Paper No. 6
Presentation Time: 9:20 AM

ECOLOGICAL NICHE SHIFTS OF MAMMALIAN SPECIES FROM THE LAST GLACIAL MAXIMUM TO PRESENT


MAGUIRE, Kaitlin Clare, Department of Integrative Biology and Museum of Paleontology, University of California Berkeley, 1101 Valley Life Science Building, Berkeley, CA 94720, kcmaguire@berkeley.edu

Understanding whether a species’ ecological niche is stable or not through time is important for interpreting the paleoecology and evolution of extinct organisms and especially for providing insights into how extant species will respond to ongoing global change. Here, I examine the ecological niches of 15 mammalian species (from Eulipotyphla, Lagomorpha, Rodentia, Carnivora and Artiodactyla) during the last glacial maximum (LGM) to their present ecological niches in order to test for niche stability through time. I focus on “environmental niche space” as opposed to traditional studies that are more concerned with modeling species distributions in geographic space. This approach allows differentiating between the environmental space, potential niche space, and realized niche space. The two key niche axes defining the niche space are mean annual temperature and mean annual precipitation. Occurrence data are from the FAUNMAP and GBIF databases. In order to make data comparable from the fossil record and the present record, I standardized sample sizes by subsampling the present realized niche space 100 times, setting sample size equal to that which defined the fossil realized niche space. Analyses performed to test for statistical power concluded that fossil sample sizes are adequate to test for niche stability and niche shifts through time.
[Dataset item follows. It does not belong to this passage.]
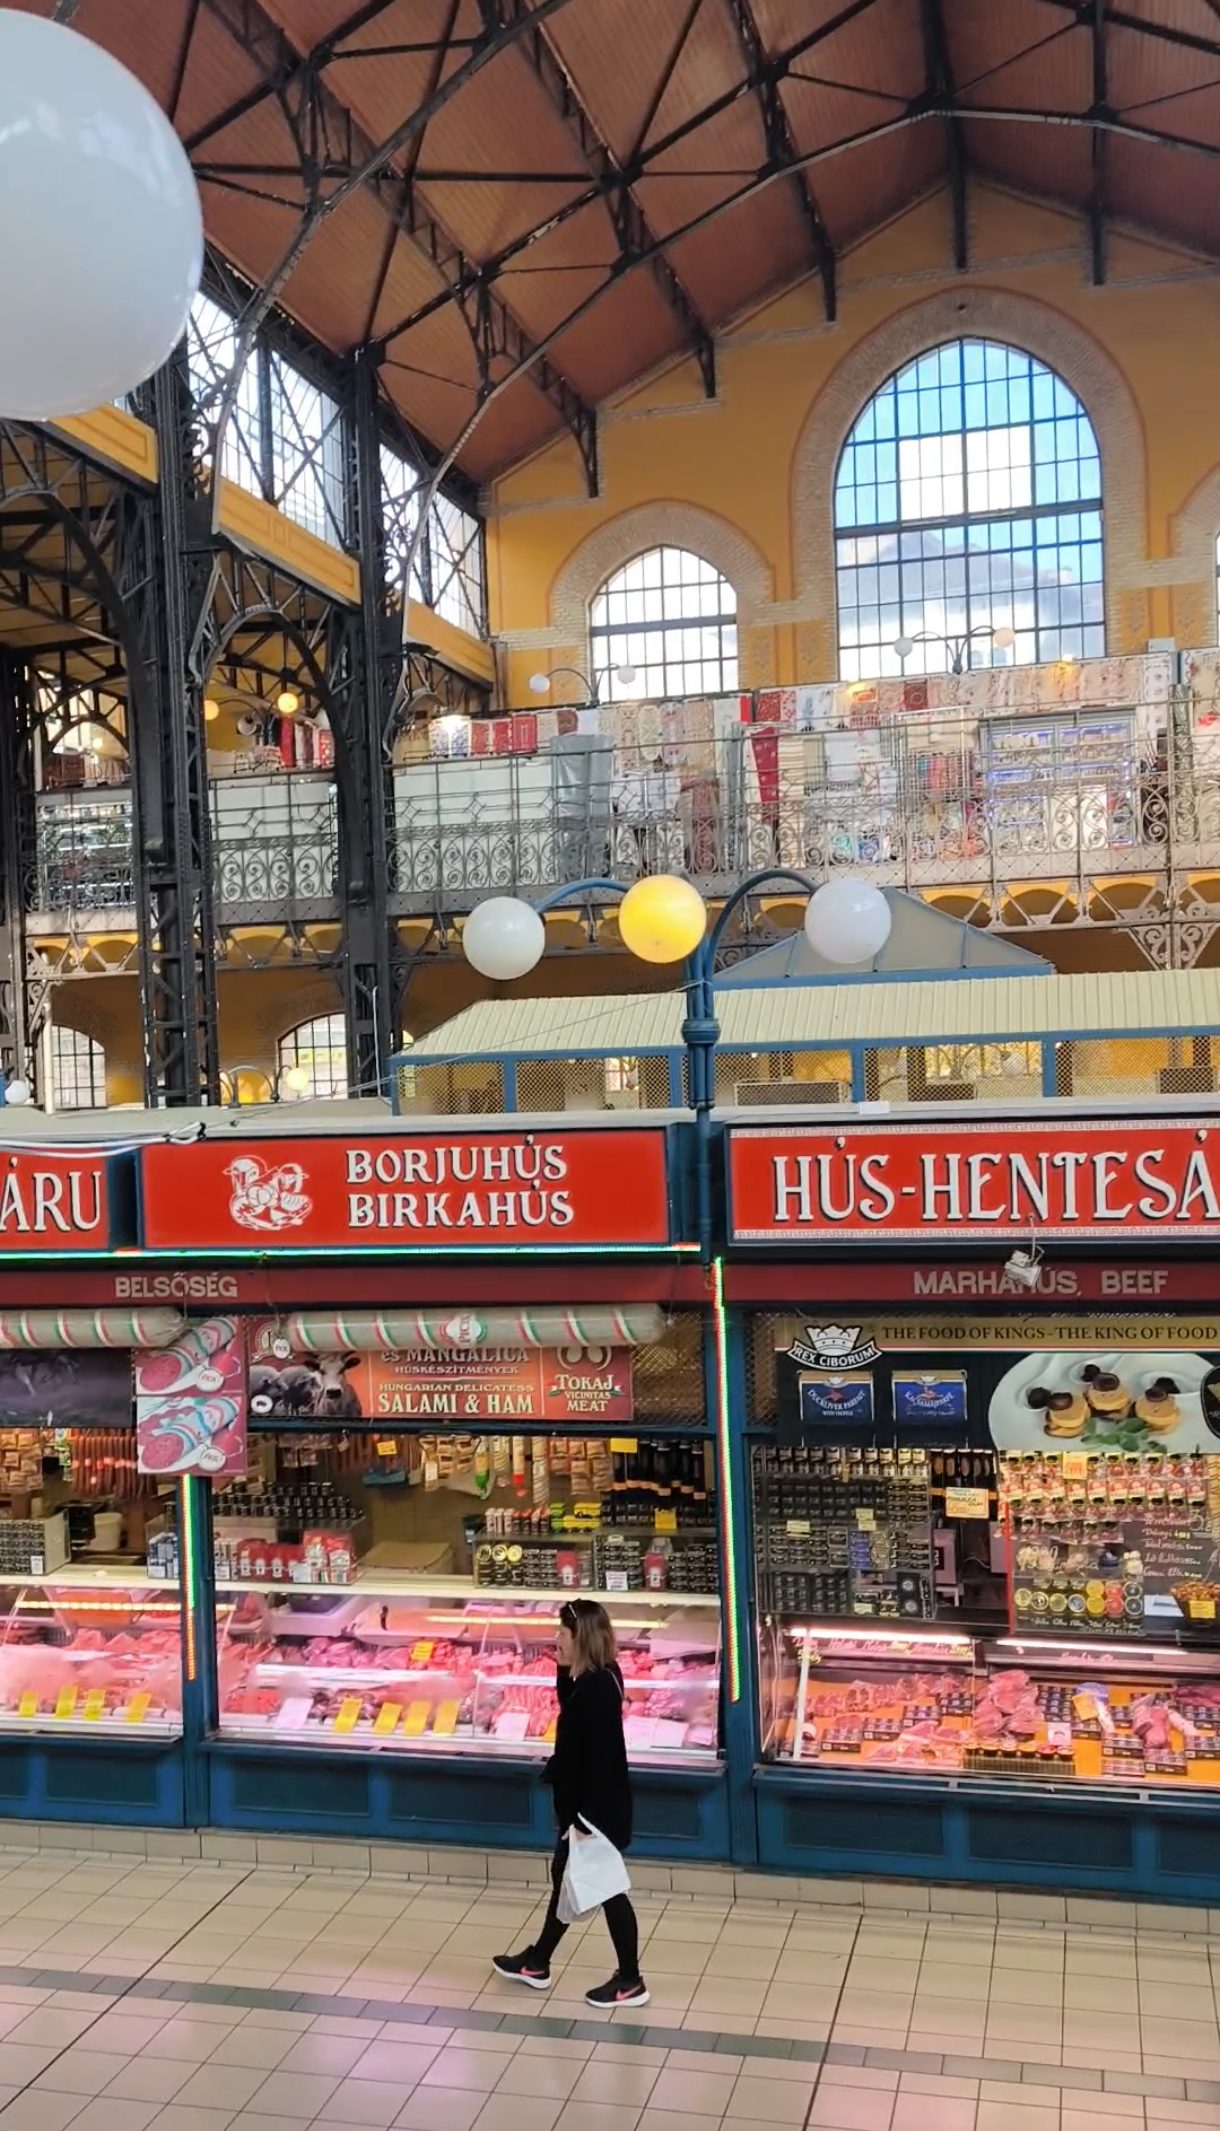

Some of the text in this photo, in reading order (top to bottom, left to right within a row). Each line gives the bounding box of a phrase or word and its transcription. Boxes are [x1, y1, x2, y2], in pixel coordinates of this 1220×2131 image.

Only two of the species (Sylvilagus audobonii, Thomomys bottae) I examined had LGM realized niche space within their present day realized niche space, suggesting niche stability in those cases. However, the majority of the species had LGM realized niche space either completely or partially outside their present day niche space suggesting niche shifts are common. These differences cannot be accounted for by the lack of available environmental space between the two time periods, further suggesting that the realized niche shifted for these species. Modeling that assumes niche similarity through time needs to better account for the reality that some species will occupy shifting or different environments through time, and comparisons of fossil and recent ranges is an effective way to identify those taxa.